Residents allegedly not served meals at Fairfield Manor East

A sign was posted at Fairfield Manor East on Monday, Sept. 3, 2018, indicating the facility is on fire watch. Photo by Cris Vilela.

A retirement residence in Kingston’s east end is falling under further scrutiny as friends of residents allege the facility is no longer consistently providing and serving meals.

Fairfield Manor East was under fire watch by Kingston Fire and Rescue on Monday, Sept. 3, 2018, the same day Fairfield Manor West was ordered vacated by the Fire Marshall after a failed inspection on Friday, Aug. 31. Both retirement facilities are owned by Q & Sons Management Inc.

Since then, friends of residents at Fairfield East have come forward with accounts of reduced and missing services at the facility, which has faced staffing shortages over the past months over allegations of unpaid wages. Joan McKibbin, who visits her 100-year-old friend at the facility regularly, said the lack of staffing has led to missed meals and even a lone staff member on duty to care for the 24 residents currently in the building.

“On Saturday, September 1, I arrived at Fairfield Manor East to find that no kitchen staff were on duty,” McKibbin said in an email to The Kingstonist, noting that, because it was time for lunch service, a “caring and generous resident” had ordered and paid for Kentucky Fried Chicken for the two dozen residents.

“As I was being told this, residents began coming to the dining area and sitting down for dinner, but no dinner was available. The same resident and several very concerned family members bought, paid for, delivered, and served pizza to the residents for their evening meal.”

That was the same night only one staff member was on duty, according to McKibbin. While multiple Kingston Fire and Rescue personnel were on site due to the fire watch, those personnel are not able to assist with the care and feeding of the residents, who pay over $3,000 per month, according to McKibbin.

McKibbin called the Retirement Homes Regulatory Authority (RHRA), and was redirected to an after-hours emergency answering service, and told her complaint would be looked into on Tuesday, Sept. 4.

“The RHRA staffer could not be persuaded that 24 people could not wait for three days to be fed. It is an embarrassment to the RHRA to have an emergency protocol in place that is so ludicrously deficient,” McKibbin said.

“Apparently East Local Health Integrated Network (LHIN) is responsible for emergency staffing requirements, but this did not happen on Saturday at Fairfield Manor East.”

The following morning at 7 a.m., McKibbin called Fairfield Manor East and said she was informed that kitchen staff were present and that all daily meals were served, and she did not go into the facility. On Monday, Sept. 3, McKibbin called the facility again at 7 a.m., and was told that kitchen staff were present.

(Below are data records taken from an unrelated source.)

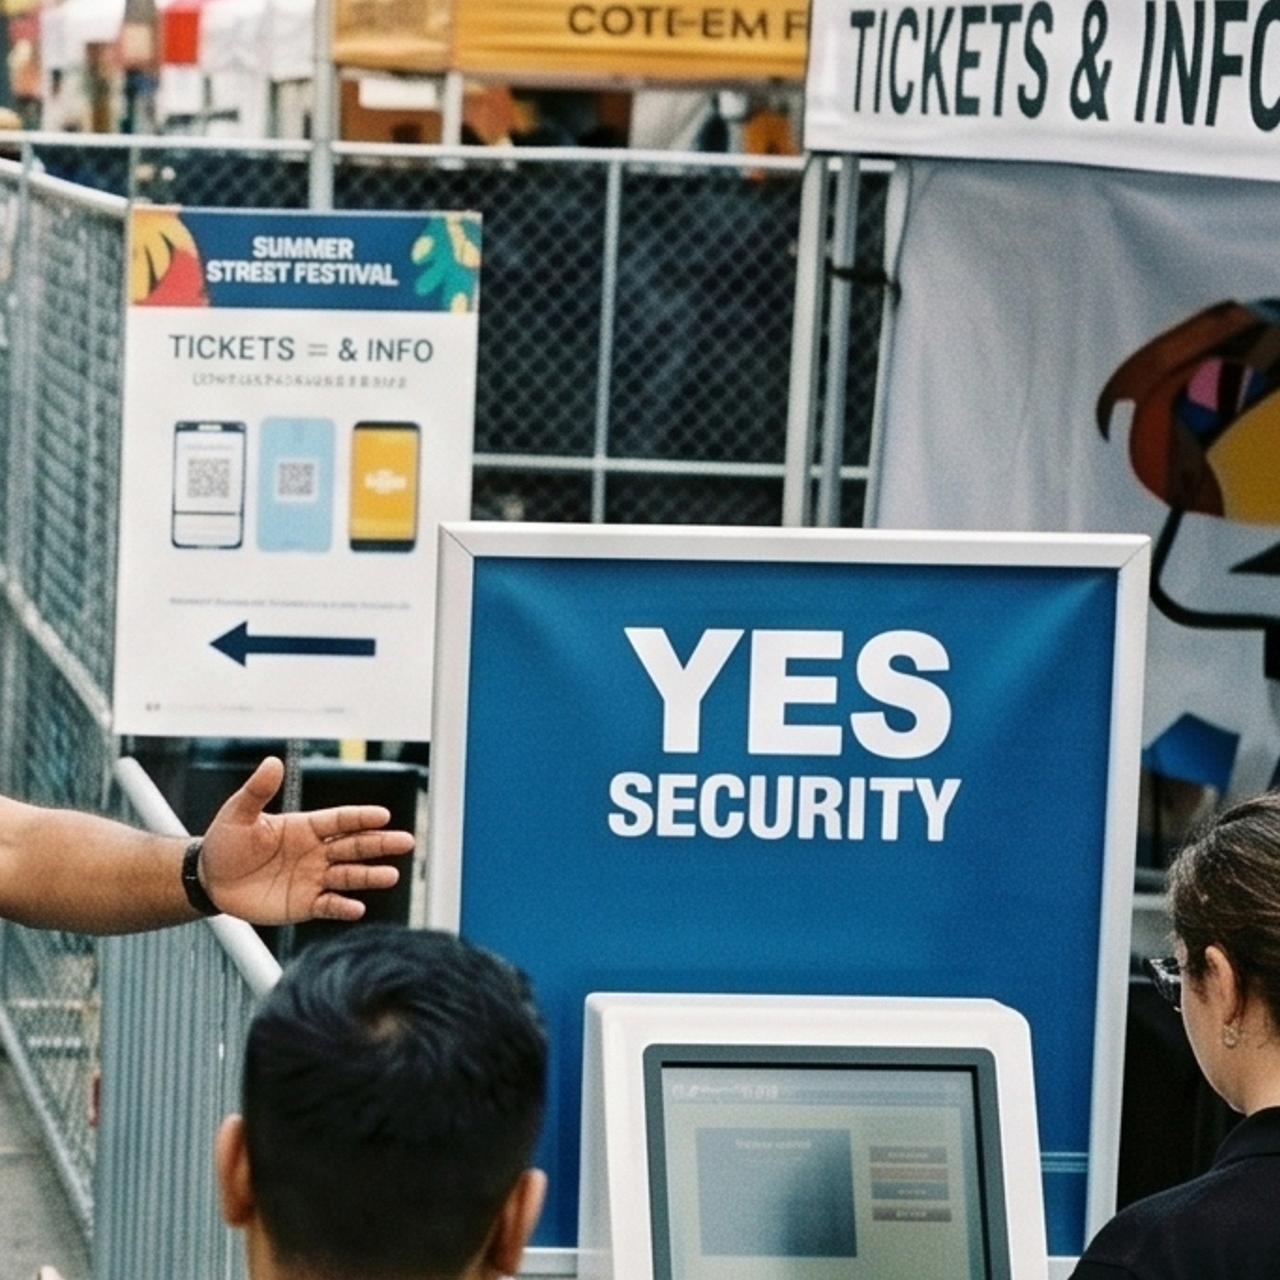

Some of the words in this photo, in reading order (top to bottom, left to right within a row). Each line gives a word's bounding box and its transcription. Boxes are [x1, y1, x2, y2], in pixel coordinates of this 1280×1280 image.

[850, 0, 1054, 120] TICKETS
[252, 235, 355, 260] SUMMER
[293, 261, 400, 287] FESTIVAL
[169, 334, 295, 362] TICKETS
[338, 337, 357, 361] &
[367, 338, 434, 363] INFO
[623, 626, 952, 759] YES
[608, 771, 962, 842] SECURITY

“However, when I arrived there at 2 p.m., I was told that the kitchen staff had left after breakfast because they hadn’t been paid. I was also told that the same caring and generous resident had ordered and paid for pizza for all 24 residents in the home,” McKibbin recalled.

McKibbin said she also told that the caretaker’s son had ordered Chinese food for dinner for all of the residents and would deliver it at 5 p.m.

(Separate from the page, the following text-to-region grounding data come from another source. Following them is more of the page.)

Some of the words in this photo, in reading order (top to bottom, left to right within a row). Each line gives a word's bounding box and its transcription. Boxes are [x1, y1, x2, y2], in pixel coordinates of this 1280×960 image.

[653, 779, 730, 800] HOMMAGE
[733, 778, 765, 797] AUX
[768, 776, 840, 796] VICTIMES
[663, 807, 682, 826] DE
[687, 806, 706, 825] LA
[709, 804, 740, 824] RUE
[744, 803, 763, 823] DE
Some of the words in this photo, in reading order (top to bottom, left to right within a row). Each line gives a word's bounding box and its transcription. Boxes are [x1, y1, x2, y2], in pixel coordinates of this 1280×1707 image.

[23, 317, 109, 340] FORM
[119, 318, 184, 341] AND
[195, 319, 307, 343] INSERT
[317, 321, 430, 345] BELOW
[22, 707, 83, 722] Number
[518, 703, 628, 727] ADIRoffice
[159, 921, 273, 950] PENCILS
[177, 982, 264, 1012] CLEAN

According to McKibbin, Fairfield Manor owner, Muhammad Quazi, arrived at the East location at some point that afternoon, following the vacating of the West location. McKibbin said she found Quazi and told him that he was obliged to feed the residents in building.

“Mr. Quazi said that he was feeding them. When I pointed out that in fact a resident and some family members had paid for lunch and dinner on both Saturday and Monday, Mr. Quazi said that he would refund the money,” McKibbin said. She then presented Quazi with “itemized receipts for three of the four meals she, residents and residents’ family members had provided, which totalled $507, according to McKibbin, who said she was later informed Quazi paid the bills in cash. She does not know who paid for the Chinese food the residents were served that night for dinner.

“Admittedly, this is just four meals which have not been served to residents, but it nevertheless amounts to a failure to provide the necessities of life and to provide the services which the residents have paid for in their rent,” McKibbin expressed.

“In addition, residents should not be living on take-out food when they have dietary and health concerns that need to be observed. Another major concern is that residents are in a very changed environment with minimal staff, uniformed fire officials, and straitened circumstances which they find alien and somewhat alarming.”

McKibbin applauded the efforts of the staff at Fairfield Manor East, and said the staff have remained caring and committed despite having allegedly received paycheques resulting in non-sufficient funds. She also expressed gratitude towards the Kingston Fire and Rescue workers who’ve been at the facility.

“[They did the most outstanding job of playing bingo and cards with the residents,” she said.

“They were wonderful and we appreciate their efforts to make the residents less fearful and apprehensive.”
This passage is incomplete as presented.